Department of Computer Science, University of Oxford, UK.
Proc Mach Learn Res. 2022 Jul;162:15561-15583.
A large number of neural network models of associative memory have been proposed in the literature. These include the classical Hopfield networks (HNs), sparse distributed memories (SDMs), and more recently the modern continuous Hopfield networks (MCHNs), which possess close links with self-attention in machine learning. In this paper, we propose a general framework for understanding the operation of such memory networks as a sequence of three operations: , , and . We derive all these memory models as instances of our general framework with differing similarity and separation functions. We extend the mathematical framework of Krotov & Hopfield (2020) to express general associative memory models using neural network dynamics with local computation, and derive a general energy function that is a Lyapunov function of the dynamics. Finally, using our framework, we empirically investigate the capacity of using different similarity functions for these associative memory models, beyond the dot product similarity measure, and demonstrate empirically that Euclidean or Manhattan distance similarity metrics perform substantially better in practice on many tasks, enabling a more robust retrieval and higher memory capacity than existing models.
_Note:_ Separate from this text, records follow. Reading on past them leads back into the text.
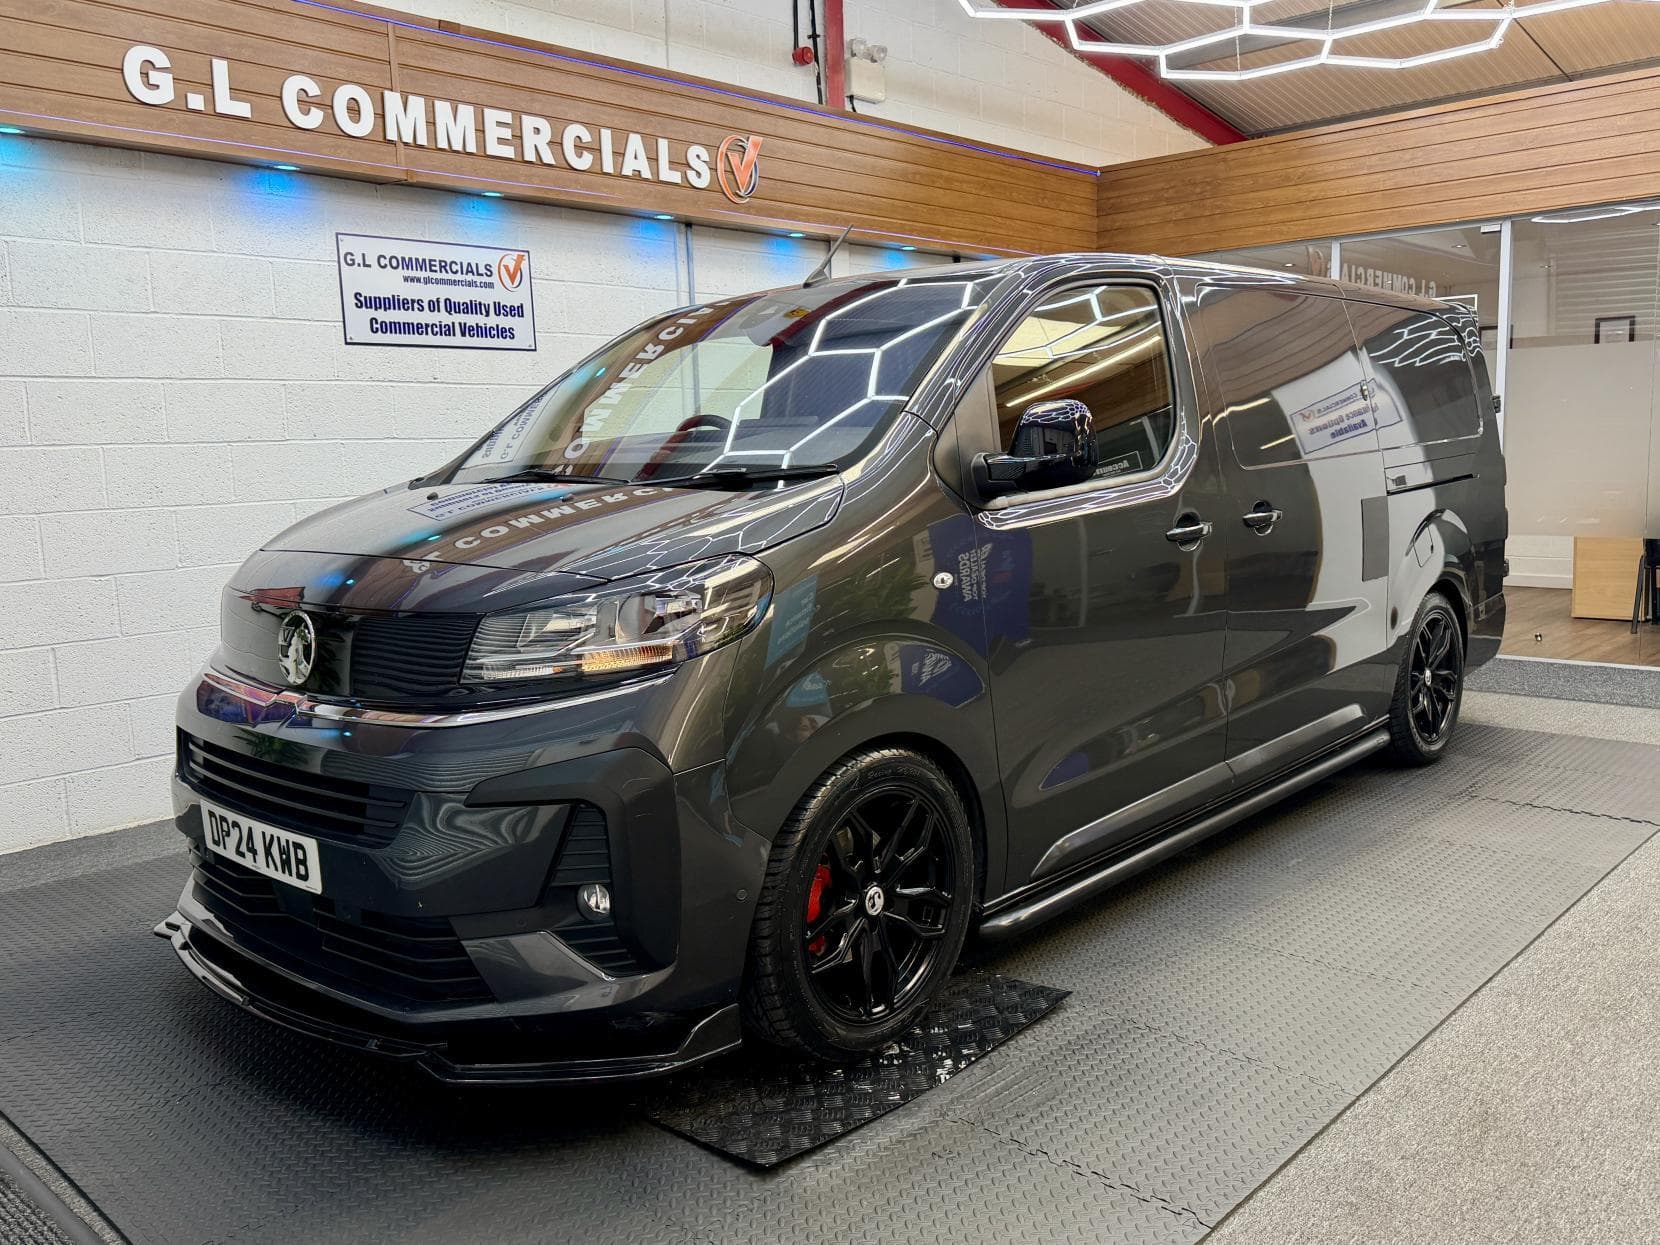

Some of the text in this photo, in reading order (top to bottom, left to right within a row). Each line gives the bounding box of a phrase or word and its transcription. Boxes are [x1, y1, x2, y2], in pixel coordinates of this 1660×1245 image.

[122, 45, 711, 190] G.L COMMERCIALS
[343, 251, 493, 278] G.L COMMERCIALS
[403, 274, 495, 289] www.glcommercials.com
[354, 292, 525, 318] Suppliers of Quality Used
[369, 317, 515, 340] Commercial Vehicles
[207, 809, 310, 882] DP24 KWB
文献中已经提出了大量用于联想记忆的神经网络模型。这些模型包括经典的霍普菲尔德网络(HNs)、稀疏分布式记忆(SDMs),以及最近的现代连续霍普菲尔德网络(MCHNs),后者与机器学习中的自注意力有着紧密联系。在本文中,我们提出了一个通用框架,用于将此类记忆网络的运作理解为三个操作的序列: 、 和 。我们将所有这些记忆模型推导为具有不同相似性和分离函数的通用框架实例。我们扩展了Krotov & Hopfield(2020)的数学框架,以使用具有局部计算的神经网络动力学来表达通用联想记忆模型,并推导了一个作为动力学李雅普诺夫函数的通用能量函数。最后,使用我们的框架,我们通过实证研究了除点积相似性度量之外,为这些联想记忆模型使用不同相似性函数的能力,并通过实证证明,欧几里得或曼哈顿距离相似性度量在许多任务的实际应用中表现得要好得多,与现有模型相比,能够实现更强大的检索和更高的记忆容量。